Dear Christian Radio

Dear Christian Radio,

I’m sorry.

In 2001 you played my music – a lot. “Welcome Home” was the second most played song that year behind “Dive” by Steven Curtis Chapman. “Should I Tell Them” was also number one. And three more singles charted in the top ten. Two more in the top twenty. That’s seven singles from one album in eighteen months!

You gave me a gift few artists receive: Together, we told a lot of people about Jesus, sold a lot of albums, filled my calendar and filled seats. But…

Without realizing it, I built a life no bigger than my career. I had no ambition greater than commercial success. And I measured my worth by chart position.

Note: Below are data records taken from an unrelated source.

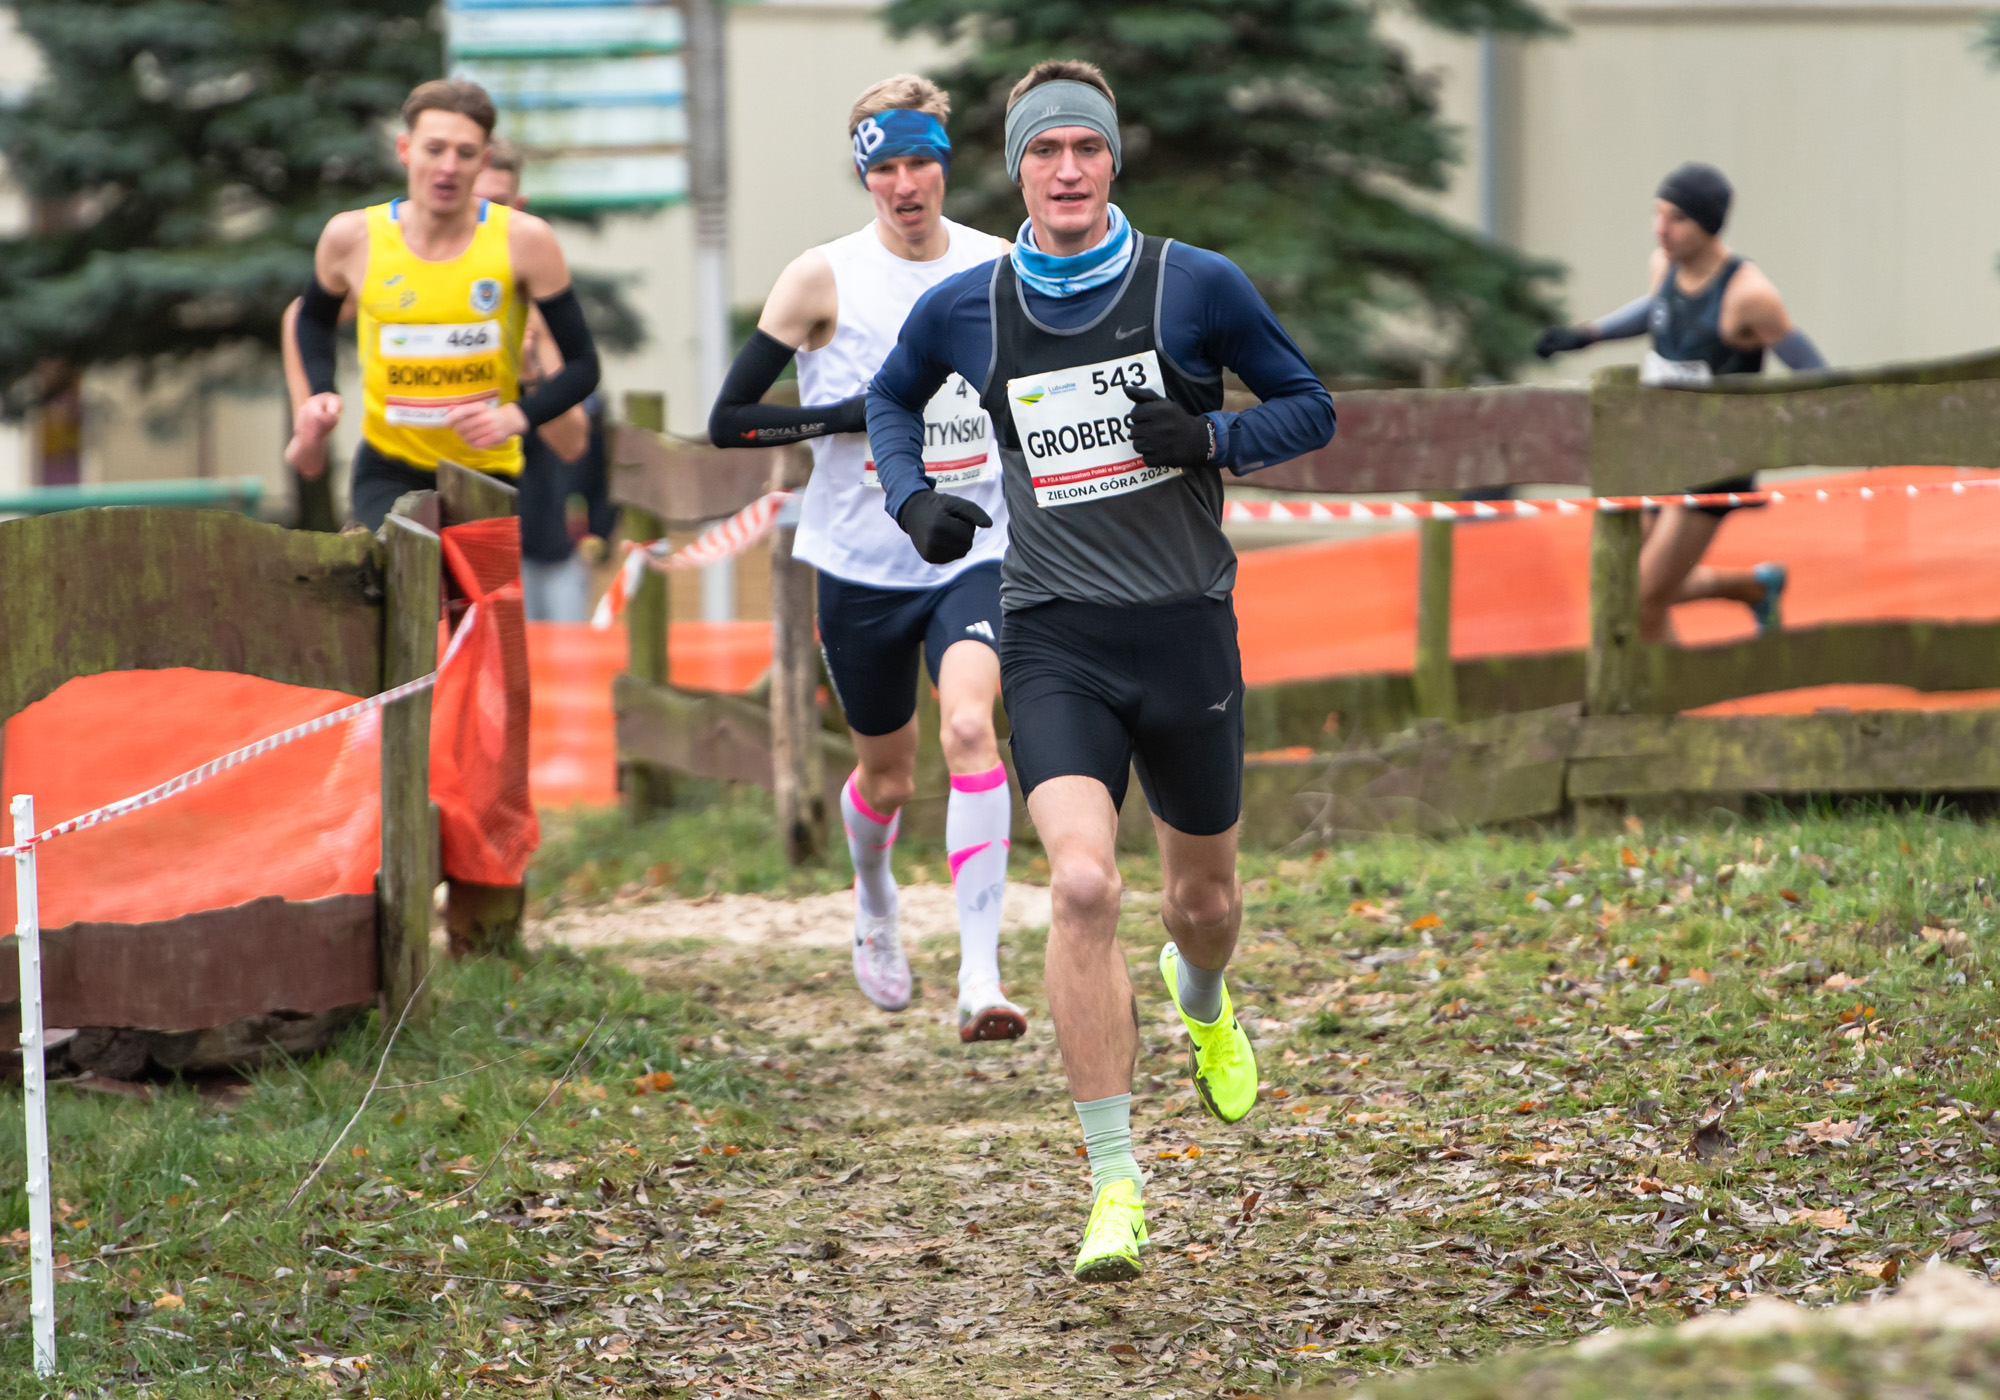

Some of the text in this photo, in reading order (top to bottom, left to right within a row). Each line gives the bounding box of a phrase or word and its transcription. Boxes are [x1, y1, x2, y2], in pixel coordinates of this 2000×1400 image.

[447, 327, 488, 347] 466
[387, 360, 495, 386] BOROWSKI
[1092, 362, 1147, 395] 543
[956, 379, 968, 399] 4
[757, 422, 825, 437] ROYAL BAY
[1091, 467, 1107, 477] Polski
[1047, 465, 1170, 501] ZIELONA GÓRA 2023

Then radio changed. And, for me, everything changed.

You started testing songs before playing them. You cut your playlists by more than half in some cases. And major networks were suggesting I rerecord popular worship songs or cover that big hit by Tim McGraw because their test subjects favored the familiar.

I decided not to play by the new rules. Truth is, I couldn’t. I’m a one trick pony. I write songs. So I, Ginny Owens, Chris Rice and many more of my songwriter friends were no longer played on the radio and were soon out of jobs. By 2006, my label, Rocketown Records, closed its doors.

I felt like I’d lost everything. Publicly.

I was hurt and mad and took it out on you.

But a remarkable thing happened. Slowly.

Before the changes at radio, I had a large platform but no concrete purpose. After the changes at radio, as my platform gradually shrank, I gained purpose. I went from playing for a thousand people each night and having no specific reason why, to playing for as few as fifty people with an urgent agenda and love for each of them.

Why would God give me a gift I wasn’t mature enough to understand and manage well? Why would He take away the gift of influence just as I began appreciating and investing it better?

Maybe this is the answer: There was a level of dependency, community, faith, character, maturity and, most of all, humility I needed but couldn’t receive until what I wanted most was taken from me.

Thank you.

Today, I’m grateful – for the quick success you gave me, the slow descent you played a part in, and everything God’s done in me and through me along the way. I’m a better man today because of it. But I’m also a man burdened by regrets. I want to be free.

I’m sorry. I’m not angry at you anymore. And I never should have been.

Sometime in 2009 you stopped being the enemy and I began directing my anger and disappointment at God instead. I realized He was the one I was really mad at all along. So I screamed and gave Him the silent treatment and screamed some more; and I wrestled and questioned His plan for my life, His wisdom and even His love.

He took it all. He’s supposed to. You’re not.

So, for publicly questioning some of your policies and practices? Well, I’m not sorry about that. Civil disagreement every once in a while is a good thing right?

But for hurting some of you with my lack of gentleness in doing so? For blaming all of you for changes to my life I didn’t like? For taking your business decisions far too personally? For placing my wants above your needs? For not refusing to answer those interview questions about you? For heaping onto your shoulders the anger and disappointment that belonged on God’s? For all this I’m deeply sorry.